The City Council’s Dec. 1 agenda includes a recommendation to rescind all approvals of Monterey Downs (which was recently renamed Monument Village) except for its environmental impact report, which the council approved Nov. 10.
But after Watson's letter was received, the city posted a new agenda for a "special" City Council meeting that same night.
And on that agenda is a recommendation to consider de-certifying the EIR.
That means the nail is in the coffin for the project.
All this comes after City Manager Craig Malin went to Calabasas Nov. 21 to meet with Boudreau and other partners with Monterey Downs, LLC. At that meeting, Malin says, he impressed upon Boudreau and his partners the importance of signing an indemnification agreement, which would place all the legal liability related the project on the LLC, and not Seaside.
The next day, Downs attorney Beth Palmer sent an email to Malin informing him that Boudreau would not be signing the indemnification agreement, and to cease all activities related to the project for which the city would seek reimbursement.
The activist groups Keep Fort Ord Wild and Landwatch, which had long threatened to sue Seaside if its City Council approved the project, both filed lawsuits against the city Nov. 28.
In recommendations to City Council for the Dec. 1 meeting, city staff recommend sending the project back to the Planning Commission “for consideration of further project revisions that [Boudreau] may wish to propose.”
However, there is no indication Downs, LLC had an intent to propose anything, and it now appears certain the project will never come back the Planning Commission in any form.
Boudreau did not answer his phone, and his voicemail inbox was full.
His company, Monterey Downs, LLC, is intended to maintain a balance of $200,000 with the city to cover planning costs.
The city sent Boudreau an invoice Nov. 16 for approximately $303,000.
That means if Boudreau walks away now, Seaside is out $103,000 it recently spent, over and above the required balance.
Before the letter came to the city from Watson, Malin said the city would continue to work within the parameters of the exclusive negotiating agreement, which expires March 3 and precludes the city from entertaining other proposals on the project site.
“This is a long-term project and plans can get better,” Malin said, adding that the recommendation to council “reduces liability and provides opportunity for improvements.”
Also before today's news came, Keep Fort Ord Wild co-founder Michael Salerno said the city can’t just “cut and paste” a new project onto the EIR.
“The EIR is still severely flawed, and the project should not be revived in any form,” Salerno said.
After a six-year fight, Salerno, along with other members of Keep Fort Ord Wild, as well as Landwatch, finally got their wish: Monterey Downs is dead for good.

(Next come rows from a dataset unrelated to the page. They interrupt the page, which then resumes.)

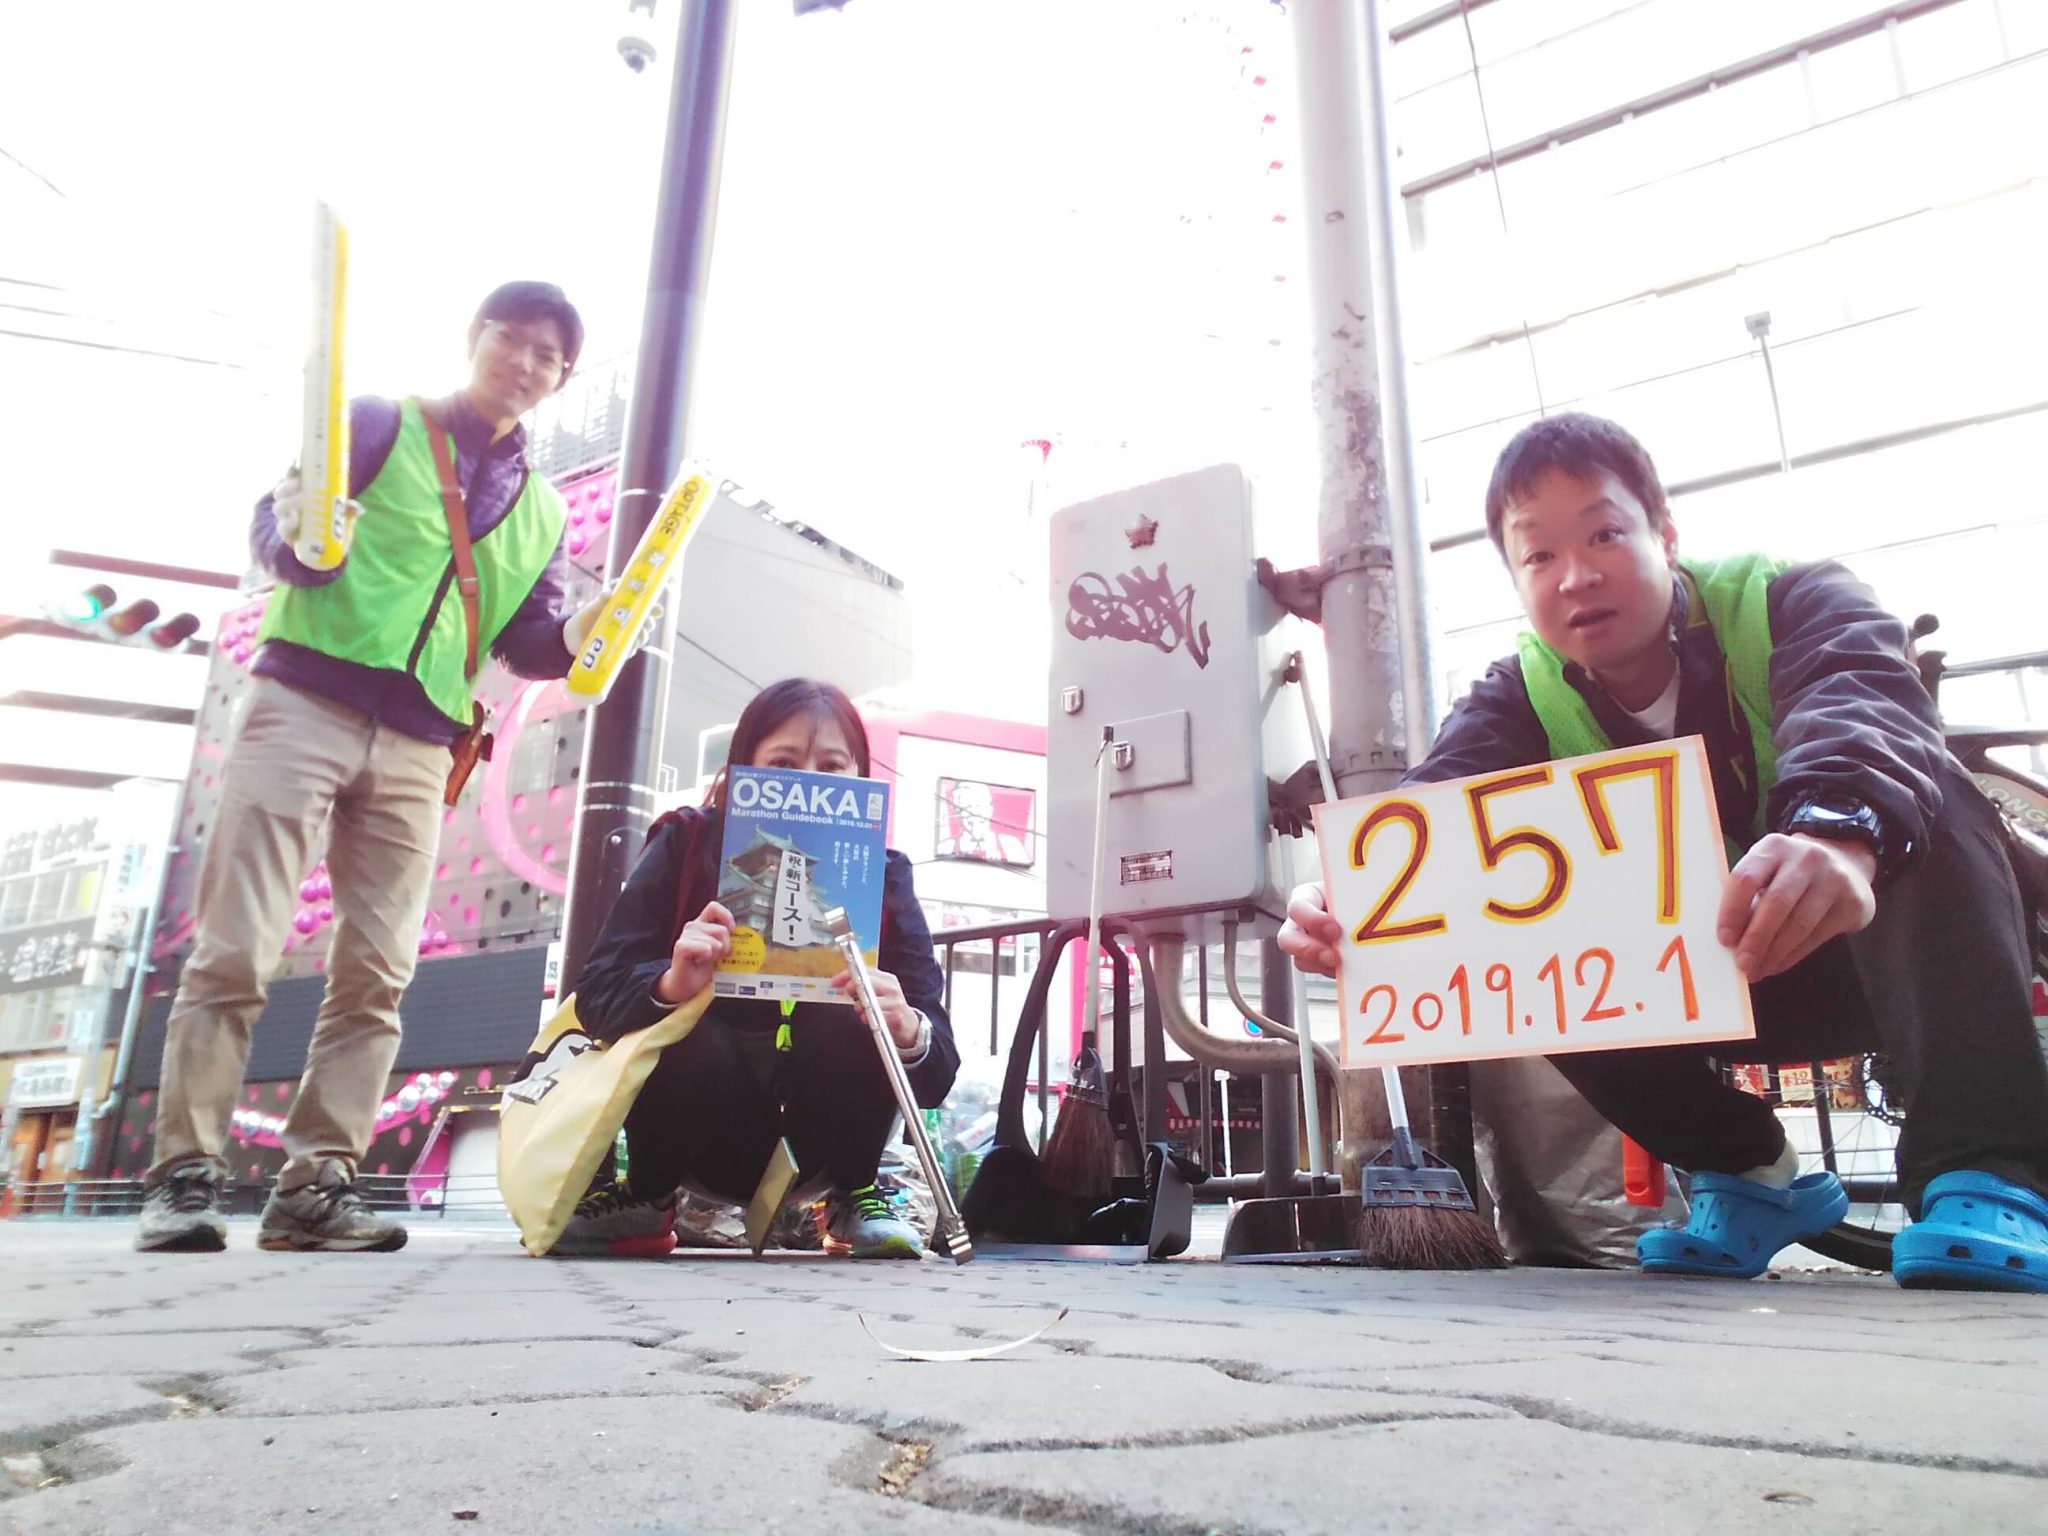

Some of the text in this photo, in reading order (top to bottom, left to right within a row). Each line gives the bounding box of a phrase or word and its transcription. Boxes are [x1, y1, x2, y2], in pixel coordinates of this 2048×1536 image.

[659, 480, 699, 538] OPTAGE
[731, 806, 779, 820] Marathon
[781, 811, 834, 825] Guidebook
[732, 778, 860, 819] OSAKA
[1348, 747, 1681, 946] 257
[782, 855, 803, 941] 祝・新コース！
[1359, 934, 1700, 1047] 2019.12.1

Editor's Note: This story has been updated, based on Watson's letter and the special meeting agenda, from a story that appears in the Dec. 1 issue of the Weekly.
Clarification 12/1/16: An earlier version of this story read that Craig Malin met with Boudreau in Calabasas; in an email, Malin writes that he met with all Monterey Downs, LLC partners, not just Boudreau, whom Malin calls a "minority" stakeholder.